Il cinema, in qualunque sua declinazione, si porta sempre sulle spalle un po’ del peso che la quotidianità scarica sul tessuto sociale. A volte lo fa a posteriori con biopic su personaggi che a modo loro hanno fatto lo storia, a volte lo fa con ricostruzioni critiche di determinati periodi ma molto più spesso lo fa in maniera quasi inconsapevole. Capita infatti che persone diverse attingano dallo stesso, enorme contenitore emotivo al quale tutti ci abbeveriamo quotidianamente e che registi diversi trattino in modo differente temi simili trasformandoli, di fatto, in riflessi reali e concreti del presente.

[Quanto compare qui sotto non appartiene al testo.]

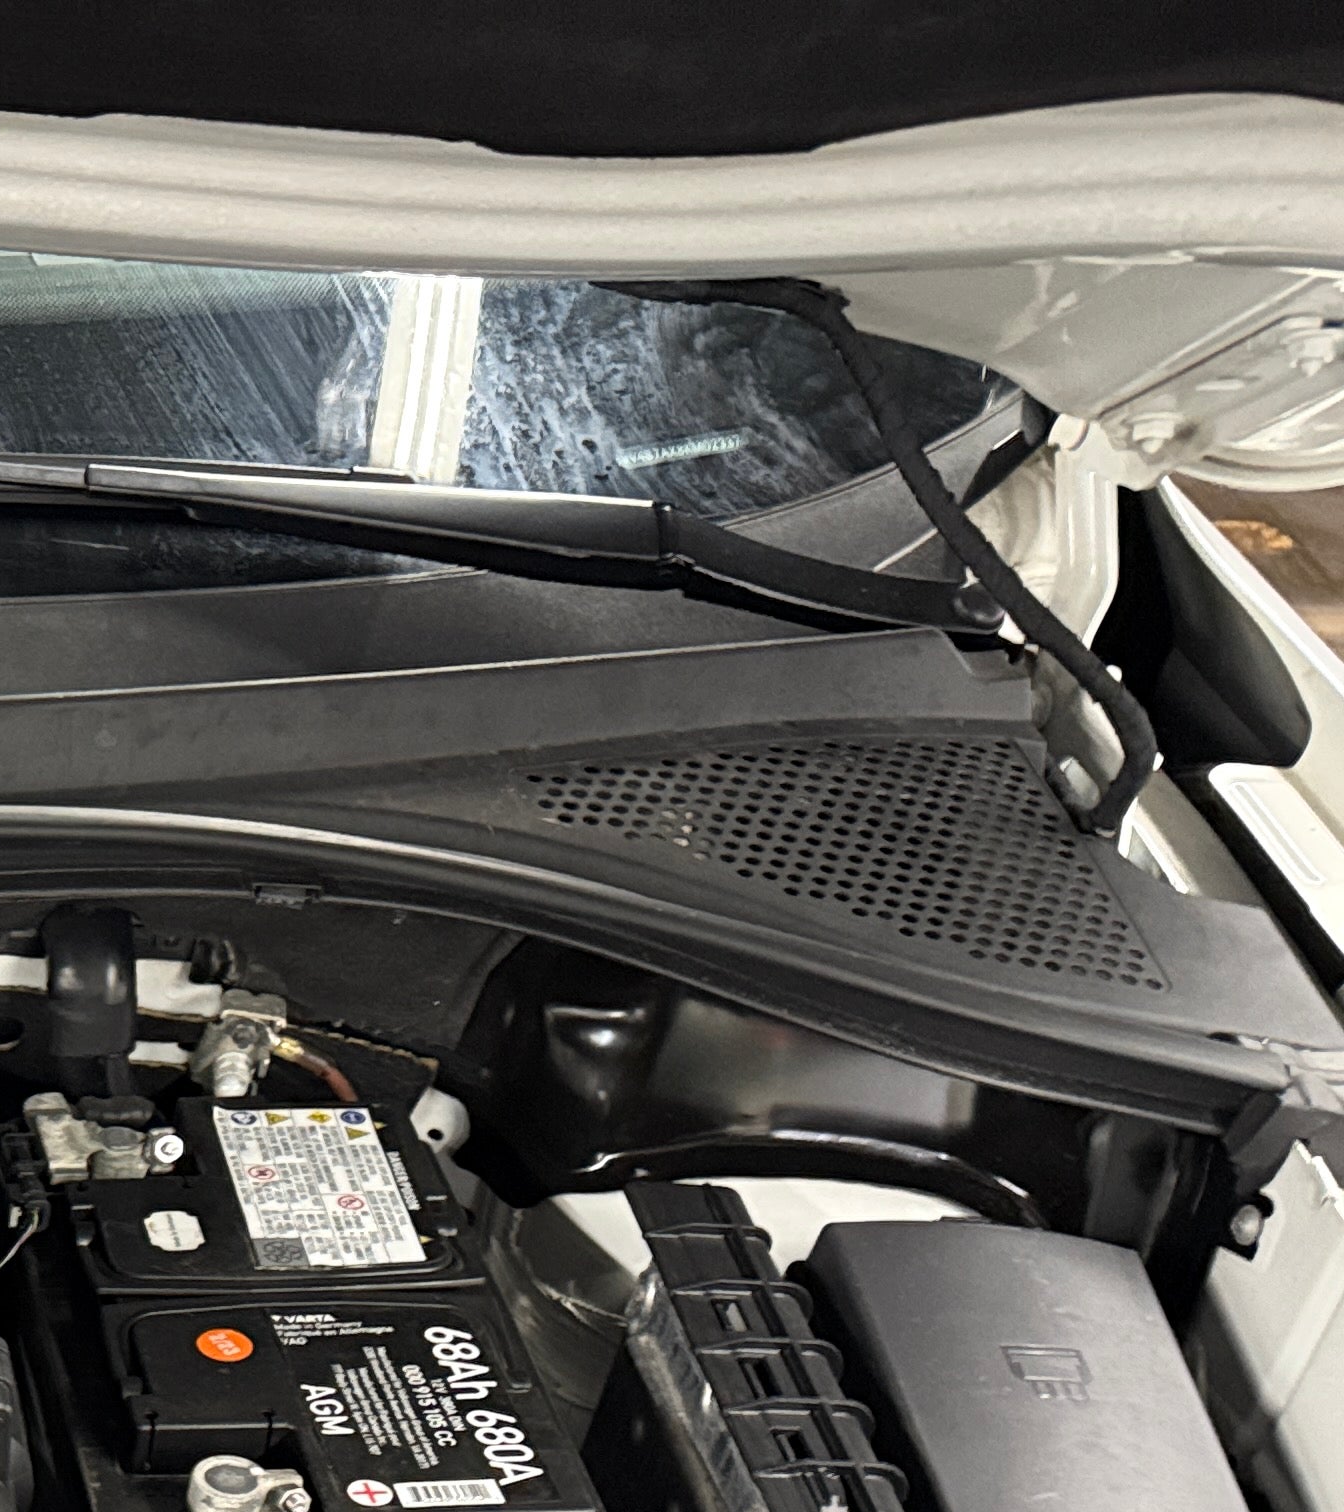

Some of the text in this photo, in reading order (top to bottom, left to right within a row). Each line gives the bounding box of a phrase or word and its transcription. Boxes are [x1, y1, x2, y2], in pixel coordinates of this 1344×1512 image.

[412, 1386, 438, 1407] 915
[423, 1326, 544, 1487] 68Ah 680A
[300, 1384, 355, 1435] AGM
[423, 1408, 449, 1429] 105
[434, 1430, 458, 1447] CC
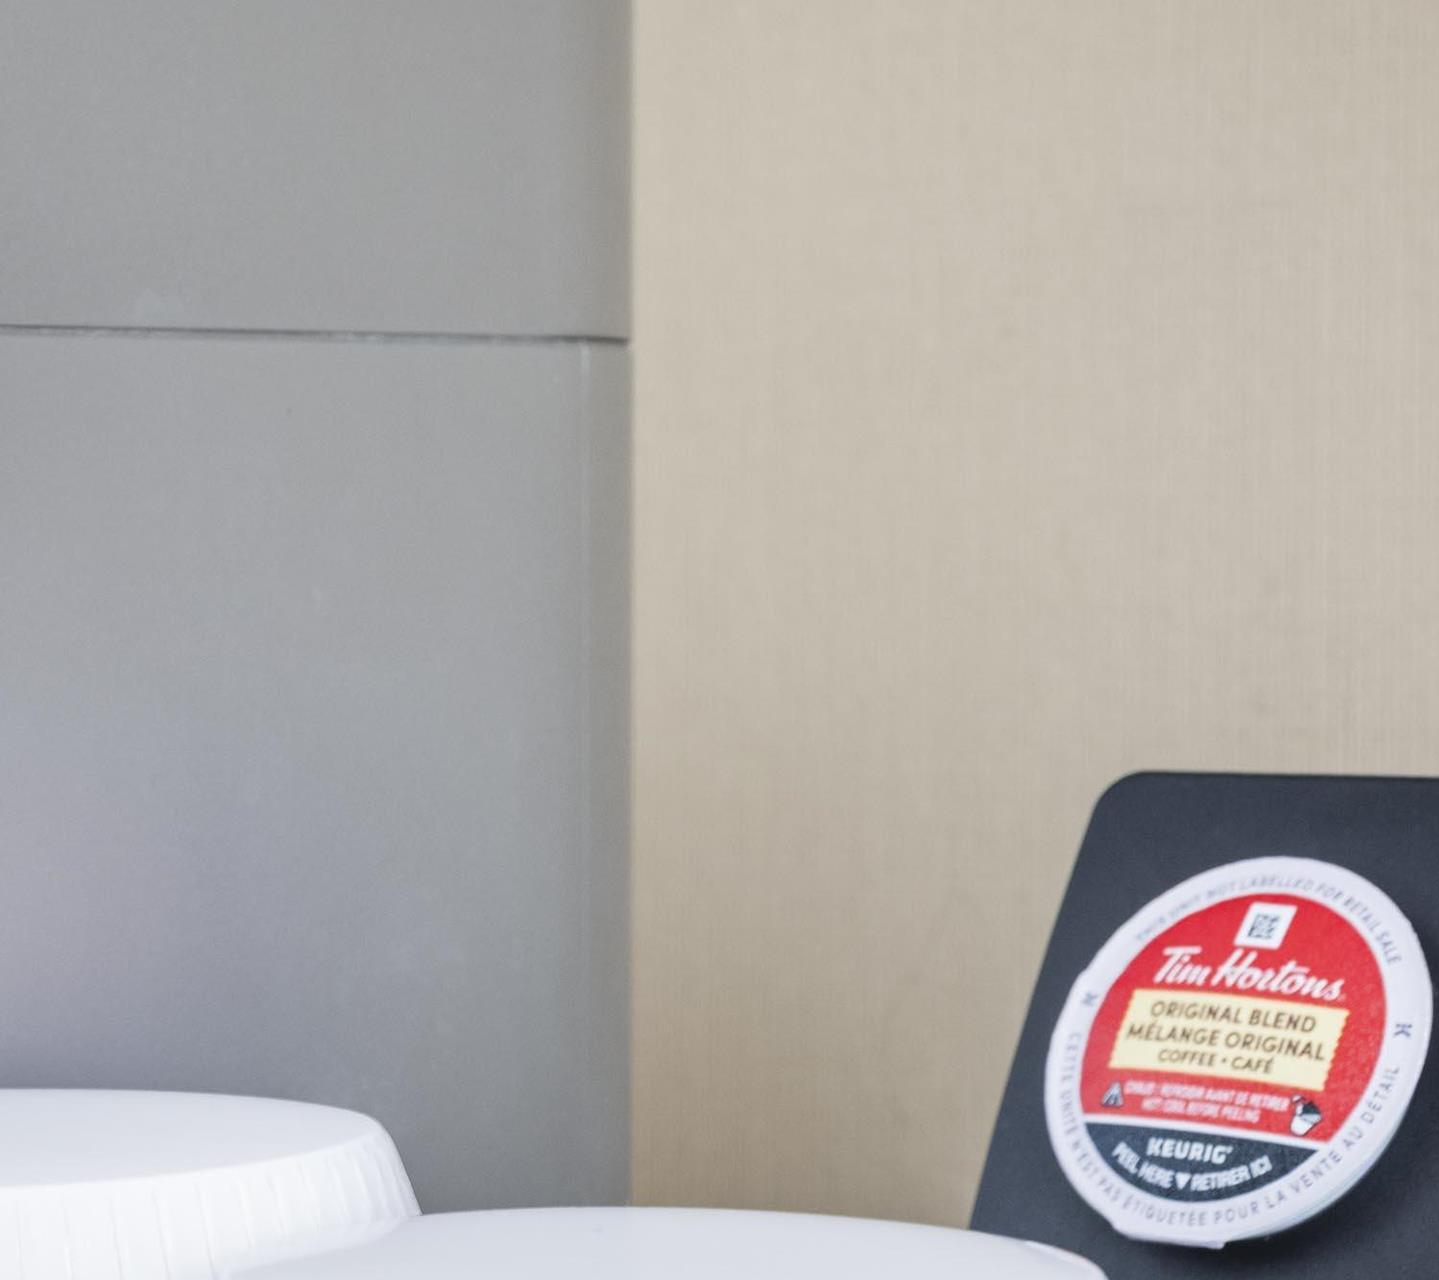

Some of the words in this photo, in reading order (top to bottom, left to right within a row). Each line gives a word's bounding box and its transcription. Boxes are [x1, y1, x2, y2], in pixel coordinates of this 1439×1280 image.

[1153, 945, 1212, 987] Tim
[1211, 947, 1345, 1001] Hortons
[1150, 1000, 1243, 1025] ORIGINAL
[1248, 1008, 1317, 1034] BLEND
[1126, 1022, 1221, 1047] MÉLANGE
[1224, 1031, 1326, 1062] ORIGINAL
[1157, 1048, 1216, 1068] COFFEE
[1231, 1056, 1275, 1075] CAFÉ
[1214, 1201, 1261, 1225] POUR
[1265, 1190, 1287, 1210] LA
[1289, 1150, 1344, 1195] VENTE
[1342, 1126, 1365, 1149] AU
[1360, 1064, 1400, 1125] DÉTAIL

Avevo provato a parlarne diversi mesi addietro cercando (e trovando) somiglianze tra il cinecomic Spider Man – Far From Home e la bella serie TV su Chernobyl e ripropongo ora lo stesso argomento prendendo come campione due pellicole molto diverse tra loro. Da una parte l’ultimo lavoro di Jordan Peele, il bel US – NOI e dall’altra l’iper acclamato Parasite di Bong Joon-ho. In modo differente, con sfumature molto diverse una dall’altra, entrambe le pellicole affrontano il tema del doppio.
Jordan Peele sceglie una declinazione di genere attingendo a suggestioni fanta-horror quando decide di mettere a confronto la famiglia Wilson con i propri doppi, questa volta nel senso più vero del termine. Immagini oscure ma speculari, cloni tenebrosi emersi da un sottosuolo inspiegato che sentenzia in modo cinico una sola verità: ciò che possediamo, ciò che crediamo sia nostro, non solo non lo è ma è legato al presente da un filo sottile, sottilissimo, spezzabile in qualunque momento. Ecco una delle simbologia di Peele e delle sue forbici.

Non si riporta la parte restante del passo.